温室効果ガスの排出量を抑える動きが世界的に進んでいる。評論家の加藤康子さんは「日本の製造業は既に世界一環境に優しい。EUと中国の策略に乗って同調すると、日本の基幹産業である自動車産業が壊滅し、多くの雇用をつぶすことになる」という――。

※本稿は、加藤康子ほか『SDGsの不都合な真実』(宝島社)の一部を再編集したものです。

自動車産業
写真=iStock.com/RicAguiar
※写真はイメージです

日本は経済政策よりも地球環境政策を優先

脱炭素は、今までのどの政策よりも日本の経済と産業構造に決定的な打撃を与える政策である。舵取りを誤ると日本は長年培ってきた工業立国の土台を失い、多くの失業者を抱えることになる。

明治の日本にはお金がなかったが「工業を興す」という国家目標があり、その実現のために世界から人材を迎え入れる器をつくり、人を育て、産業を興し、憲法をつくり、わずか半世紀で工業立国の土台を築いた。昭和には所得倍増計画という大きな目標があり、真っ黒になって働いた市民の手があった。その手は工場、職場、家庭で、わが国の繁栄を支えた原動力であった。

令和の日本にも、1億2500万人の国民を豊かにし、国を強くする国家目標と戦略が必要である。だが政府が重要政策に位置づけているのは、経済政策ではなく、地球環境政策である。

昨年(2020年)10月26日、菅義偉総理は所信表明演説で、国内の温室効果ガスの排出を2050年までに「実質ゼロ」とする方針を表明し、世間を驚かせた。いまやこのグリーン政策が菅政権の看板政策となっている。空気をきれいにすることに誰も異論はないが、東京の空はきれいである。

日本を支える製造業を自ら壊そうとしている

2020年の国内総生産を見ると、全体で536兆円の日本経済は、その20%以上が製造業によって支えられている。製造業は国力そのものであり、国家安全保障の源である。屋台骨を支える製造業が弱くなれば国力は弱くなり、骨太になれば、国は豊かになる。

だが菅総理の施政方針演説には、グリーンやデジタル、そして農業と観光は出てきても、製造業が出てこない。政府は国民経済を支える人たちを置き去りにしている。それどころか、環境NGOが言うような急進的な地球環境政策を国策にすることで、日本のメーカーが涙ぐましい努力で培ってきた基幹産業を自らの手で壊そうとしている。

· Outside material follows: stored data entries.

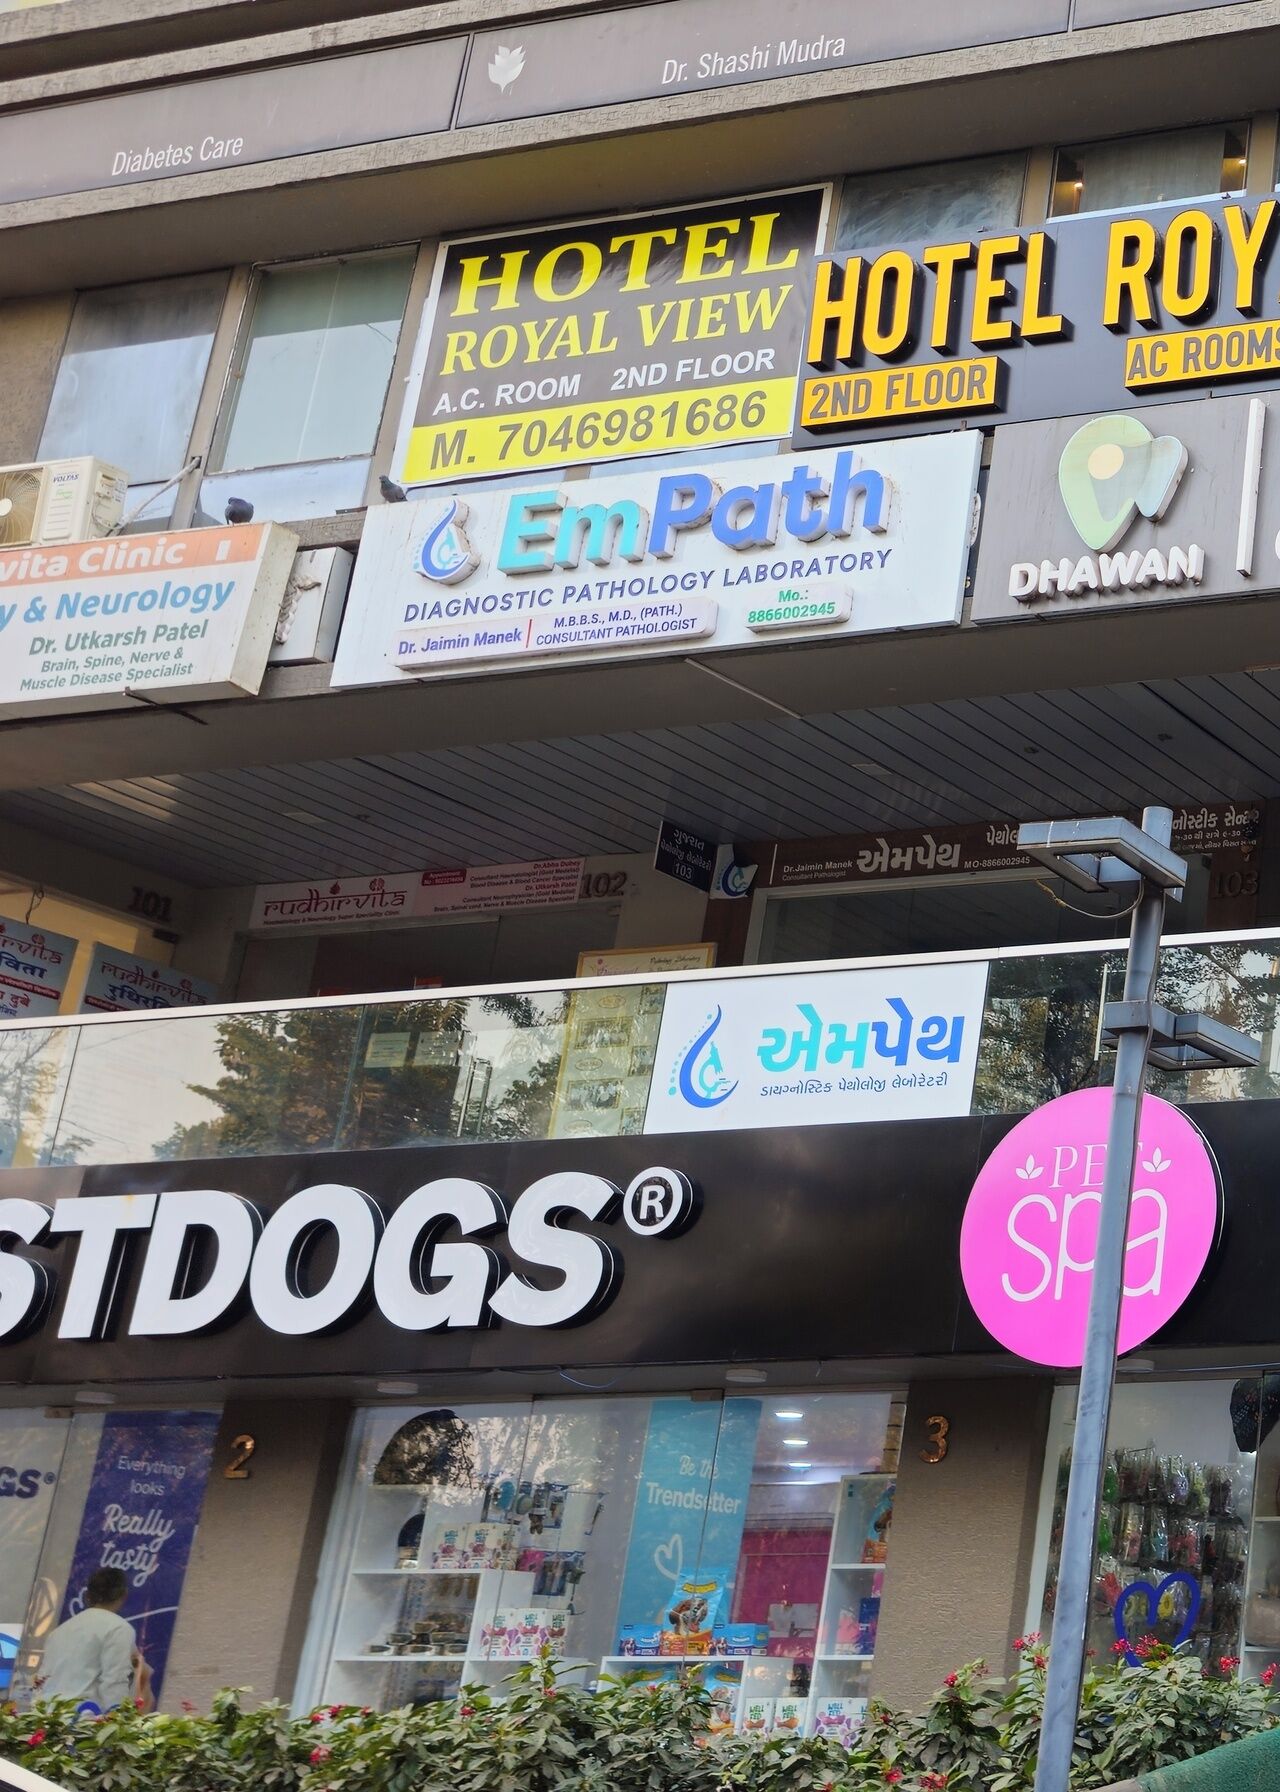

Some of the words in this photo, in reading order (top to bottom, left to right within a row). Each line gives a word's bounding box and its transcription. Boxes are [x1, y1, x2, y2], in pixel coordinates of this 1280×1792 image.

[662, 58, 689, 85] Dr.
[696, 44, 770, 79] Shashi
[776, 34, 846, 66] Mudra
[111, 143, 193, 176] Diabetes
[199, 136, 243, 161] Care
[450, 212, 799, 318] HOTEL
[806, 231, 1066, 367] HOTEL
[440, 310, 618, 376] ROYAL
[637, 284, 793, 347] VIEW
[1127, 342, 1169, 381] AC
[432, 387, 485, 416] A.C.
[495, 373, 581, 406] ROOM
[610, 362, 668, 391] 2ND
[675, 348, 776, 383] FLOOR
[810, 378, 876, 420] 2ND
[886, 363, 988, 409] FLOOR
[430, 429, 476, 470] M.
[498, 390, 767, 461] 7046981686
[498, 450, 890, 577] EmPath
[78, 537, 187, 572] Clinic
[1008, 544, 1204, 601] DHAWAN
[23, 596, 47, 623] &
[55, 581, 235, 620] Neurology
[404, 588, 553, 622] DIAGNOSTIC
[562, 570, 715, 604] PATHOLOGY
[723, 548, 892, 586] LABORATORY
[777, 589, 809, 604] Mo.:
[536, 627, 613, 646] CONSULTANT
[615, 617, 697, 639] PATHOLOGIST
[554, 613, 605, 629] M.B.B.S.,
[608, 609, 637, 622] M.D.,
[640, 603, 683, 621] (PATH.)
[748, 601, 836, 625] 8866002945
[29, 636, 57, 656] Dr.
[65, 626, 147, 651] Utkarsh
[153, 619, 209, 643] Patel
[398, 640, 417, 655] Dr.
[421, 634, 469, 653] Jaimin
[473, 627, 522, 646] Manek
[20, 674, 66, 691] Muscle
[70, 670, 122, 686] Disease
[126, 662, 194, 684] Specialist
[41, 657, 80, 674] Brain,
[83, 654, 126, 671] Spine,
[130, 651, 170, 664] Nerve
[174, 647, 184, 660] &
[673, 829, 705, 850] ગુજરાત
[856, 834, 960, 873] એમપેથ
[675, 862, 692, 879] 103
[825, 860, 853, 869] Manek
[131, 886, 172, 921] 101
[264, 888, 407, 916] rudhirvita
[582, 872, 628, 898] 102
[757, 997, 965, 1072] એમપેથ
[838, 1076, 886, 1092] પેથોલોજી
[892, 1071, 948, 1088] લેબોરેટરી
[1049, 1142, 1143, 1189] PE
[223, 1434, 256, 1479] 2
[920, 1415, 950, 1464] 3
[117, 1455, 186, 1480] Everything
[679, 1455, 697, 1476] Be
[700, 1459, 720, 1479] the
[130, 1479, 165, 1496] looks
[646, 1482, 742, 1514] Trendsetter
[102, 1503, 176, 1553] Really
[100, 1540, 160, 1588] tasty
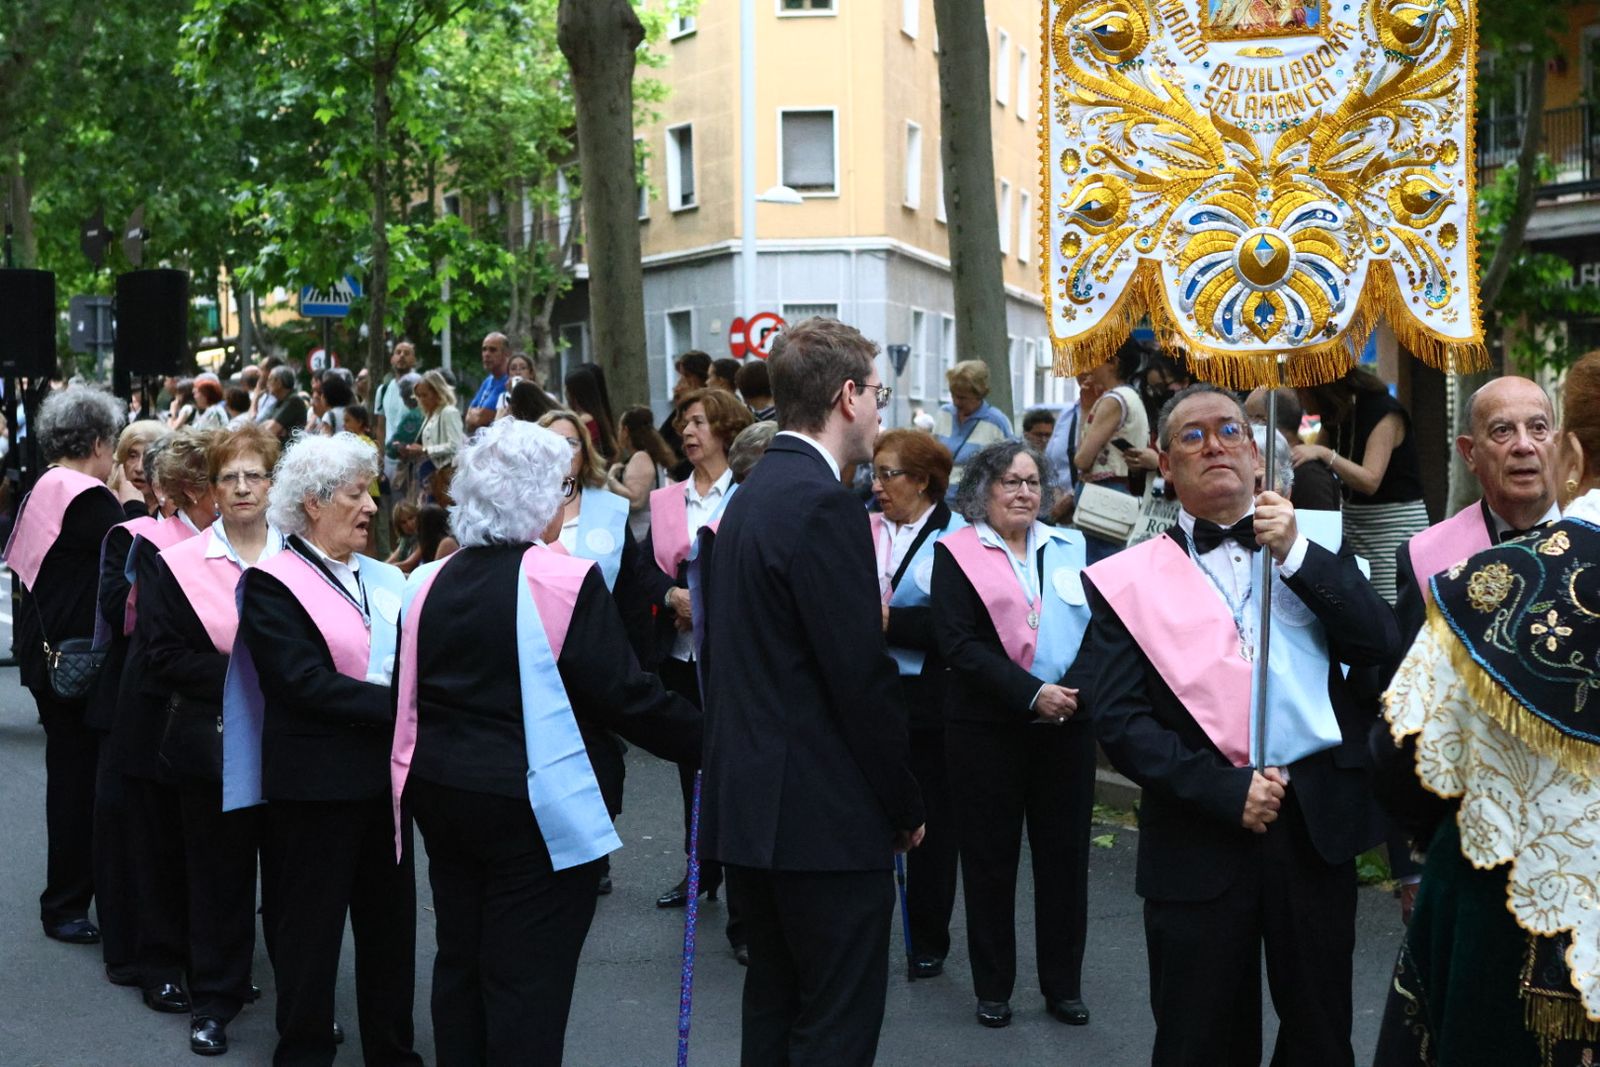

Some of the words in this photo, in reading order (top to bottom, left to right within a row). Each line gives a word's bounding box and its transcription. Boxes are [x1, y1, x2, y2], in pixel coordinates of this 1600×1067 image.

[1158, 0, 1209, 63] MARIA
[1209, 20, 1357, 92] AUXILIADORA
[1200, 76, 1337, 119] SALAMANCA
[1145, 518, 1173, 534] RO
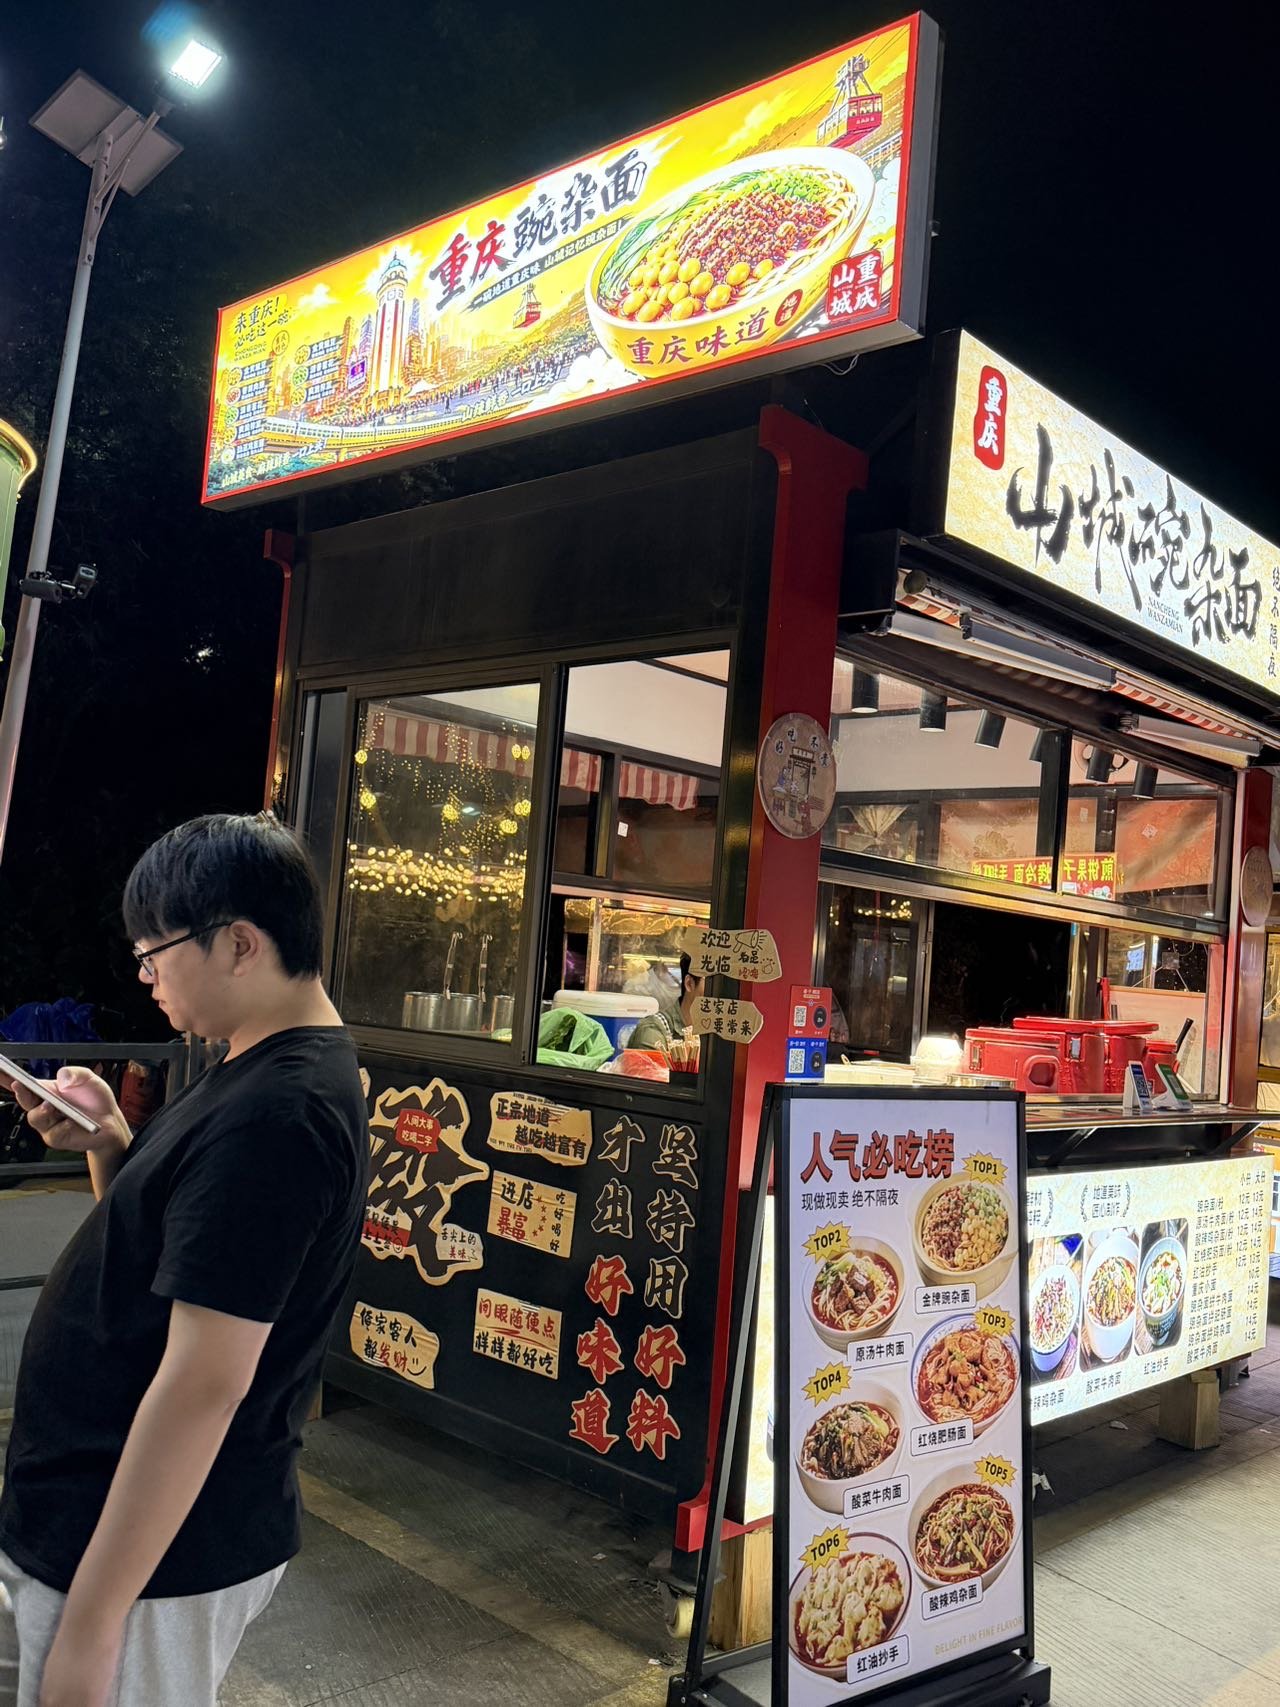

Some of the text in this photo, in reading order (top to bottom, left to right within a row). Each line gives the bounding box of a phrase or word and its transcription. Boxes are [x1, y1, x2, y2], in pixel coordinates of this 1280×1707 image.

[429, 149, 648, 311] 重庆豌杂面
[626, 306, 769, 367] 重庆味道
[977, 376, 1003, 456] 重庆
[1006, 421, 1262, 649] 山城碗杂面
[775, 726, 830, 767] 好吃不贵
[700, 930, 732, 949] 欢迎
[700, 954, 732, 974] 光临
[700, 999, 739, 1016] 这家店
[713, 1017, 753, 1037] 要常来
[403, 1113, 434, 1131] 人间大事
[496, 1098, 550, 1128] 正宗地道
[401, 1129, 433, 1147] 吃喝二字
[514, 1123, 587, 1160] 越吃越富有
[800, 1128, 955, 1184] 人气必吃榜
[972, 1159, 999, 1176] TOP1
[500, 1177, 535, 1210] 进店
[801, 1189, 900, 1211] 现做现卖 绝不隔夜
[496, 1206, 529, 1241] 暴富
[549, 1191, 567, 1253] 吃好喝好
[440, 1227, 477, 1246] 舌尖上的
[813, 1229, 842, 1251] TOP2
[448, 1245, 466, 1260] 美味
[569, 1114, 646, 1454] 才出好味道
[626, 1124, 698, 1461] 坚持用好料
[981, 1311, 1007, 1329] TOP3
[363, 1335, 408, 1373] 都发财
[474, 1330, 554, 1375] 样样都好吃
[855, 1343, 905, 1363] 原汤牛肉面
[812, 1372, 842, 1395] TOP4
[917, 1425, 967, 1449] 红烧肥肠面
[984, 1460, 1009, 1481] TOP5
[851, 1483, 902, 1511] 酸菜牛肉面
[810, 1533, 841, 1555] TOP6
[929, 1583, 978, 1613] 酸辣鸡杂面
[978, 1624, 995, 1641] FINE
[856, 1644, 900, 1674] 红油抄手
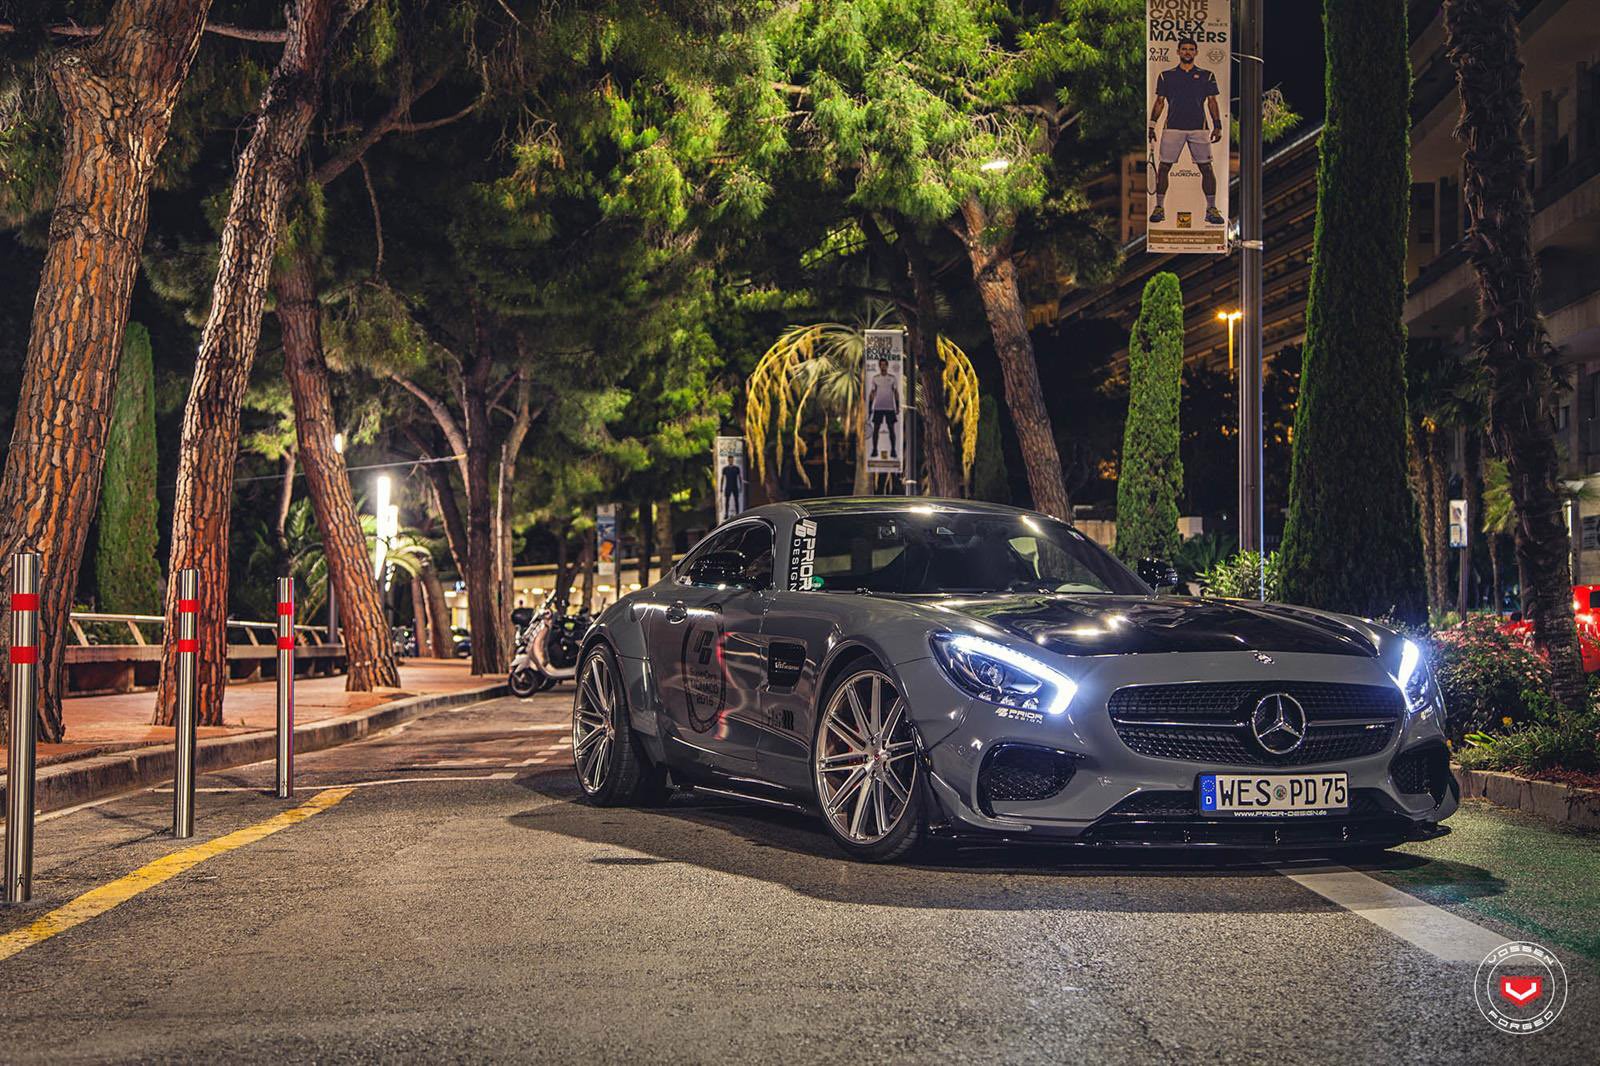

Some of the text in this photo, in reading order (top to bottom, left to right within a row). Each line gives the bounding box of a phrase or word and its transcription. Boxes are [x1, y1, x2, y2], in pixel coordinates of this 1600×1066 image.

この20年、日本のものづくりは明らかに後退している。1980年代に世界を席巻していた日本の半導体メーカーは周回遅れとなり、造船業は受注をとれず、一世を風靡した日の丸家電メーカーの姿もない。

イギリスの民間調査機関である経済ビジネスリサーチセンター(CEBR)は、日本経済が2030年までにインドに抜かれ4位になり、その後、日本はさらに7位か8位に転落する、と予測している。製造業競争力を表わすCIP指数では、日本はすでに韓国に追い抜かれている。

ものづくり力の劣化は企業の経営責任にとどまらず、政治に責任がある。諸外国が産業を守り、官民一体で新技術を支援するなかで、日本政府は産業支援には及び腰だ。近年、日本の製造業は、世界一高い電力料金と厳しい環境規制、膨れ上がる人件費や社会保障費と労働規制の制約のなかで懸命に闘っている。

中国・韓国に限らず、欧米各国が国として戦略的に重要な産業に巨額の資金を投じるなかで、日本だけが本気で国力の増強に向き合う意志がないことが、国民にとって未来に自信がもてない理由の一つとなっている。失われた30年、日本は常に萎縮をしてきた。